LamentXU123 avatar Jun 21 '25 13:06 LamentXU123

No worries of set_ok_domain. This PR do not change any logic of it. We can change the logic in the future PRs. I think we could just focus on allowed/blocked issues in this PR now.

The only related change of other funcs is eff_request_host, which is used in set_ok_domain. But the only thing it did is just to treat IPv6 as a IP address and not adding .local on it. Since the original one don't support IPv6, this PR indeed also don't supprt IPv6 in the logic of set_ok_domain. We could take care of it later.

(There are indeed a hole bunch of things to change if we are going to support IPv6 entirely)

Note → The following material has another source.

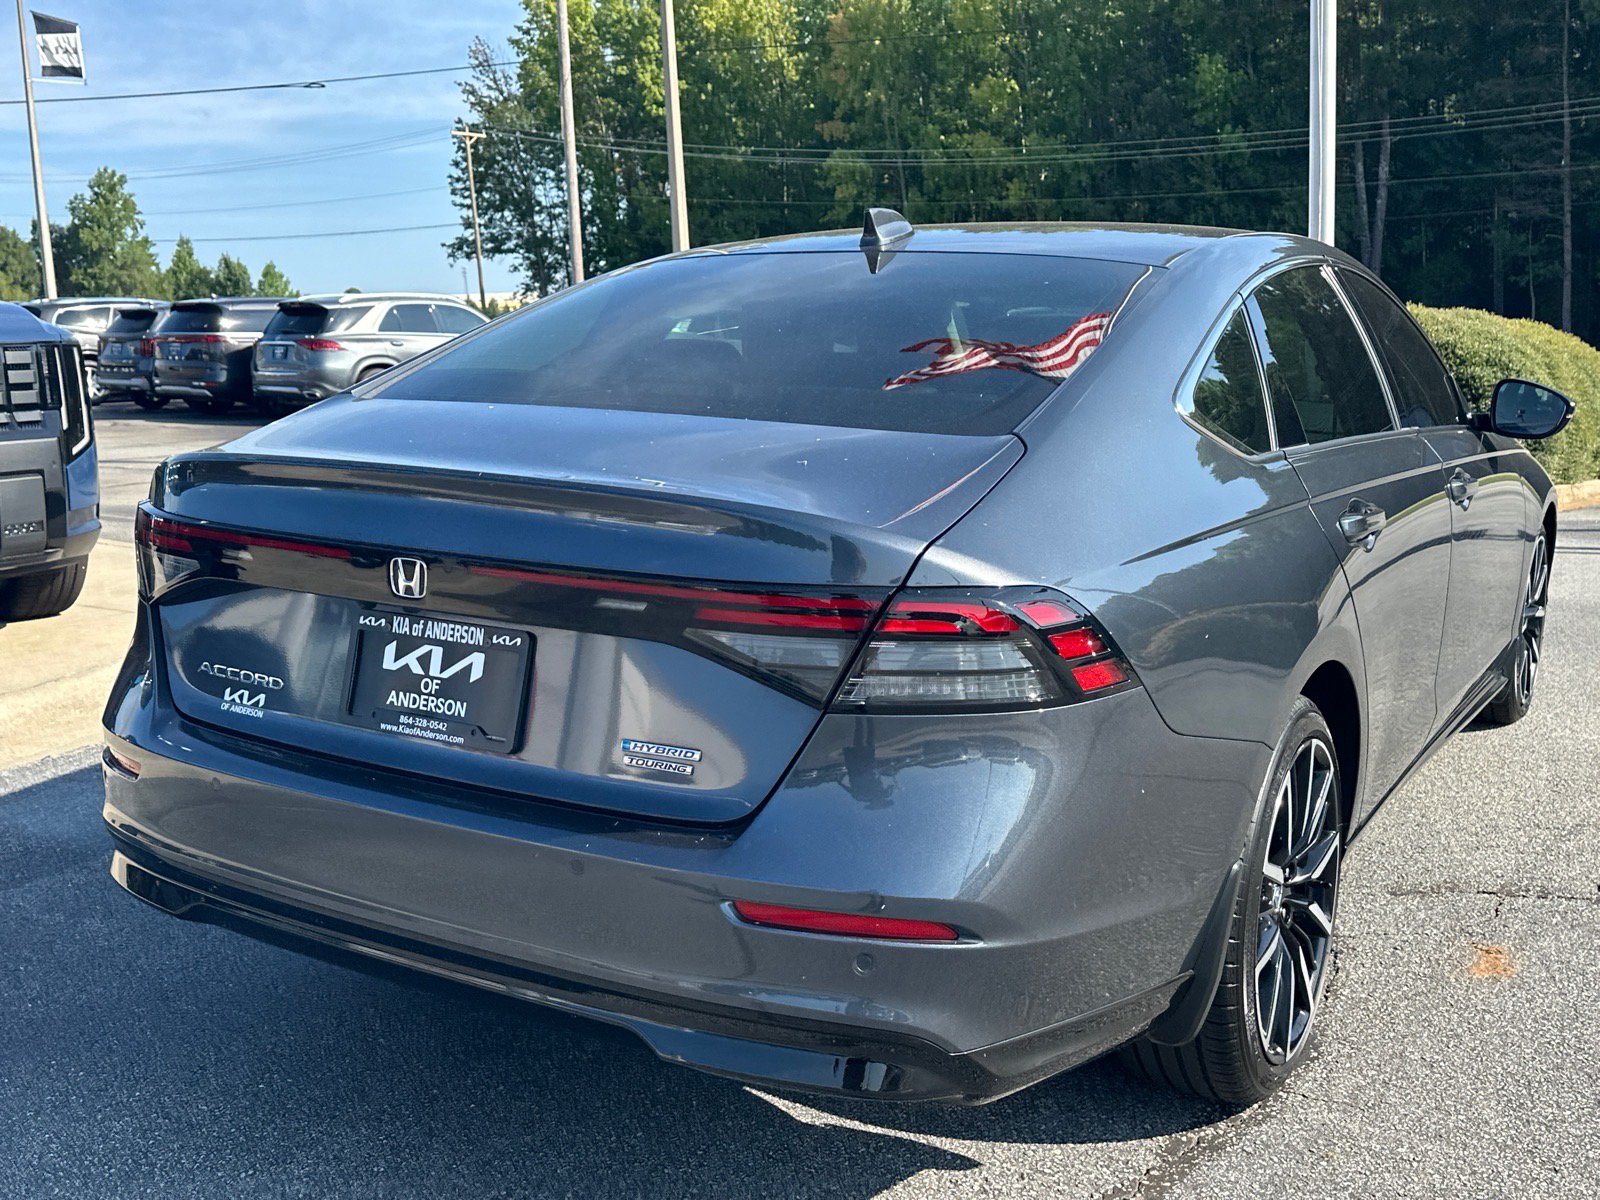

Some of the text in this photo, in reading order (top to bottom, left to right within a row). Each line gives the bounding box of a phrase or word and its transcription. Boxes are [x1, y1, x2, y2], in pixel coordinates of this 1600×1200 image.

What I meant with set_ok_domain is that we have some 'strict' policy and under the non-strict policy parsing, I don't know whether [::1] should be treated the same as ::1 (and whether strict policy parsing means that [::1] can only be blocked if we blocked it explicitly, not just ::1) (see https://docs.python.org/3/library/http.cookiejar.html#http.cookiejar.DefaultCookiePolicy.DomainStrictNonDomain).

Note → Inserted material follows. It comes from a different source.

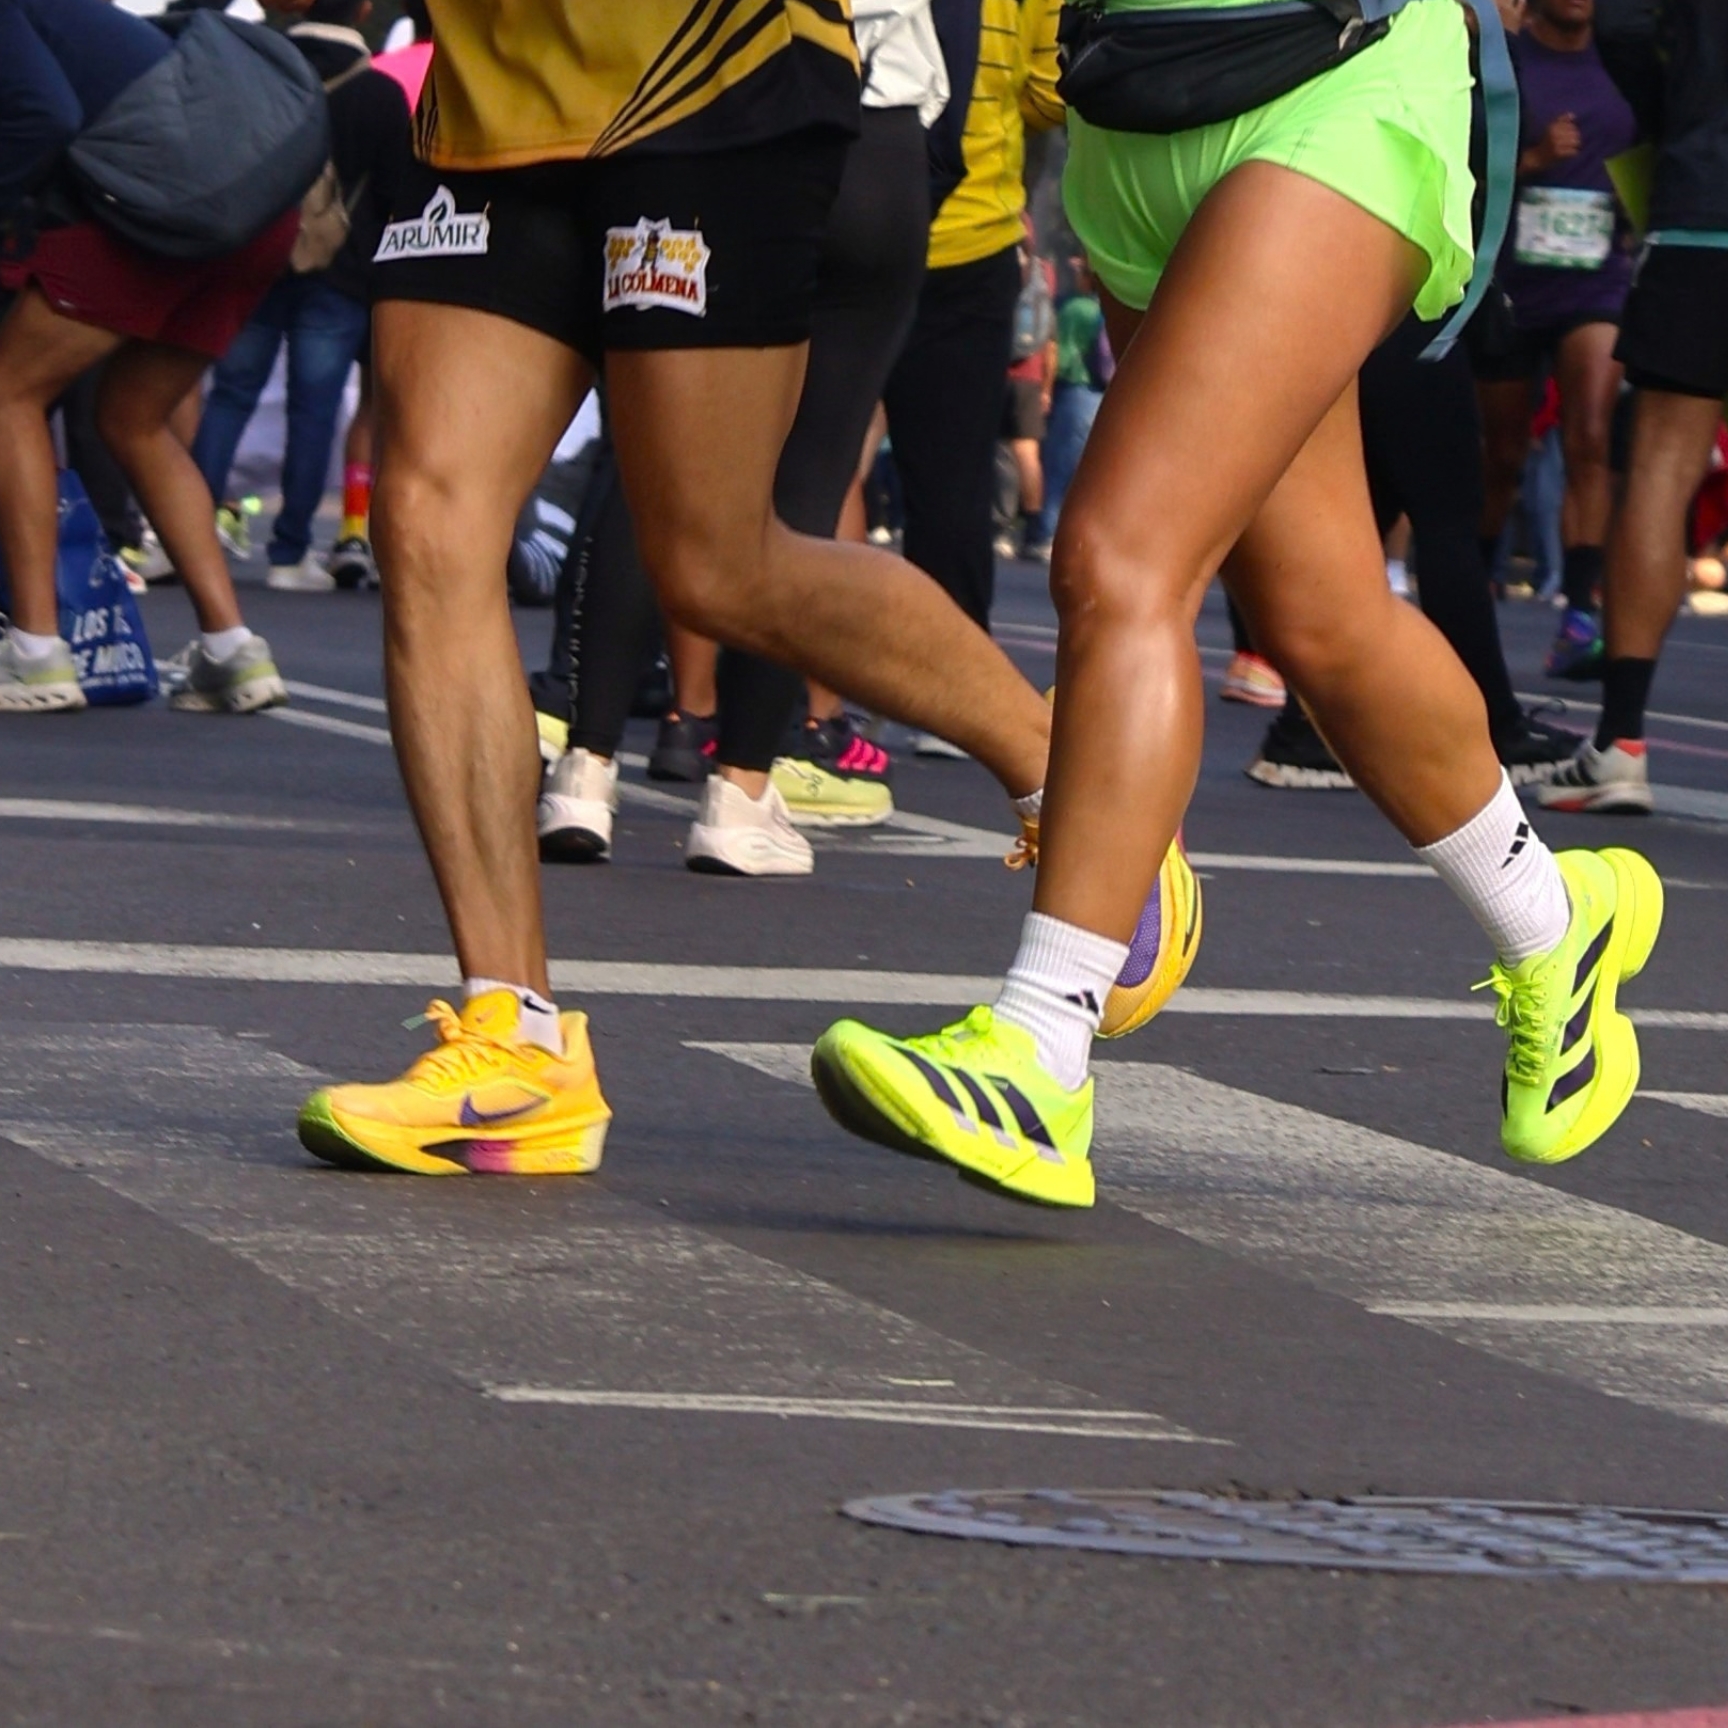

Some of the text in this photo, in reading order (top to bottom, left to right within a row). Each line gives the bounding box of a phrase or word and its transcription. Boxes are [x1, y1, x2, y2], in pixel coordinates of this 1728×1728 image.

[383, 223, 481, 253] ARUMIR
[608, 270, 698, 302] LA COLMENA

I'll take a look at this after this PR is merged.

LamentXU123 avatar Jun 21 '25 13:06 LamentXU123

I'm now convinced to only use [::1] strictly. RFC states that Literal IPv6 addresses are not supported as host name. So to be strict, only [::1] is a legel hostname while ::1 is a legel IPv6 address.

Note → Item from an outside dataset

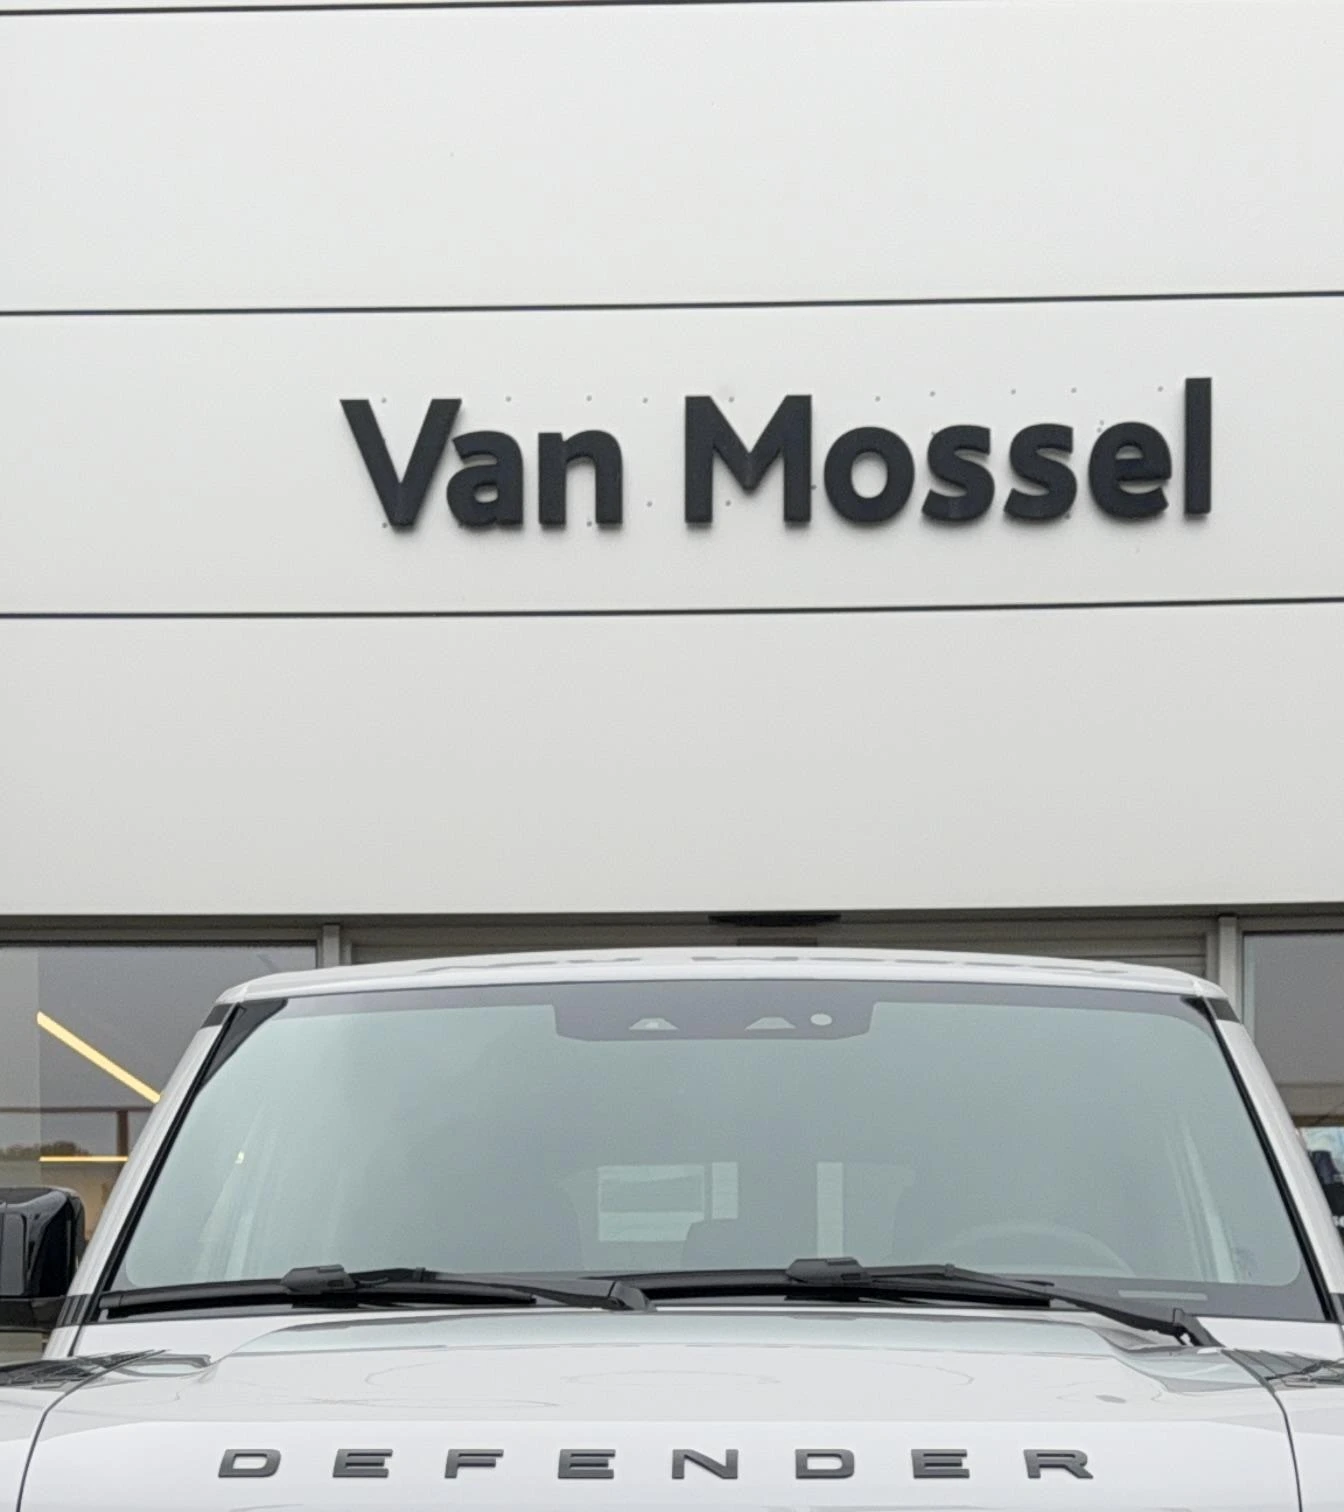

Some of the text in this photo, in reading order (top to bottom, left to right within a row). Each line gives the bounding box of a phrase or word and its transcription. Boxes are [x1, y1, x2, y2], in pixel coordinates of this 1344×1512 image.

[340, 377, 1213, 527] Van Mossel
[217, 1448, 1094, 1480] DEFENDER

And ppl are more likely to use [::1] instead of ::1 when blocking domains. I think we just support [::1] and add warnings in the Docs or something. IMO we don't need to change any thing here, except of changing the is_ip_like func into is_ip_like_hostname func.

::1 is not a legel hostname, it's barely a IPv6 address. Instead, [::1] is a legel hostname, but not a legel IPv6 address. And what we're blocking are hostnames not IPs.

Note that IPv4 could be both a address and hostname. But IPv6 can't.

LamentXU123 avatar Jun 22 '25 08:06 LamentXU123

Thanks for making the requested changes!

@picnixz: please review the changes made to this pull request.

bedevere-app[bot] avatar Jun 22 '25 10:06 bedevere-app[bot]

changes were made

basically all done and ready now. Thank you for your time and effort!

LamentXU123 avatar Jun 22 '25 14:06 LamentXU123

The helper functions will help a lot in the future PRs I think.

LamentXU123 avatar Jun 22 '25 15:06 LamentXU123

last nits and we're done

Thanks! This is my first time ever to create a PR for Cpython with nearly a hundred lines of code. Thank you for your patience and guidence!

LamentXU123 avatar Jun 22 '25 15:06 LamentXU123

I'm mostly good but I'll ask another expert just in case @vadmium.

May I close the issue? I think its mostly solved.

LamentXU123 avatar Jun 22 '25 15:06 LamentXU123

No, we should never close an issue until the corresponding PR has been merged or we abandoned the proposal. In this case, closing the issue means that both the PR and its backports have been merged.

picnixz avatar Jun 22 '25 15:06 picnixz

No, we should never close an issue until the corresponding PR has been merged or we abandoned the proposal. In this case, closing the issue means that both the PR and its backports have been merged.

Got it!

LamentXU123 avatar Jun 22 '25 15:06 LamentXU123

I will also add warnings in docs indicating ::1 in not valid when they are blocking or allowing hostname after this is merged, also, remove the duplicated tests in another PR. IPv6 appears to be an edge case in many functions of http.cookiejar, I'll try to fix them one by one in the future.

LamentXU123 avatar Jun 23 '25 14:06 LamentXU123

Hi @picnixz, friendly pinging here. Shell we get this PR merged? caz I can't contribute to further following PRs and issues if this is not merged. TiA ;) (I think it is mostly solved, and tiny fixes can be coped later, if any.)

LamentXU123 avatar Jun 24 '25 09:06 LamentXU123

No. I want to hear from Martin first. PRs don't need to be rushed and it's common to have PRs landing after a few weeks.

You can still contribute to other parts of the library (which I would advise you to do so).

picnixz avatar Jun 24 '25 09:06 picnixz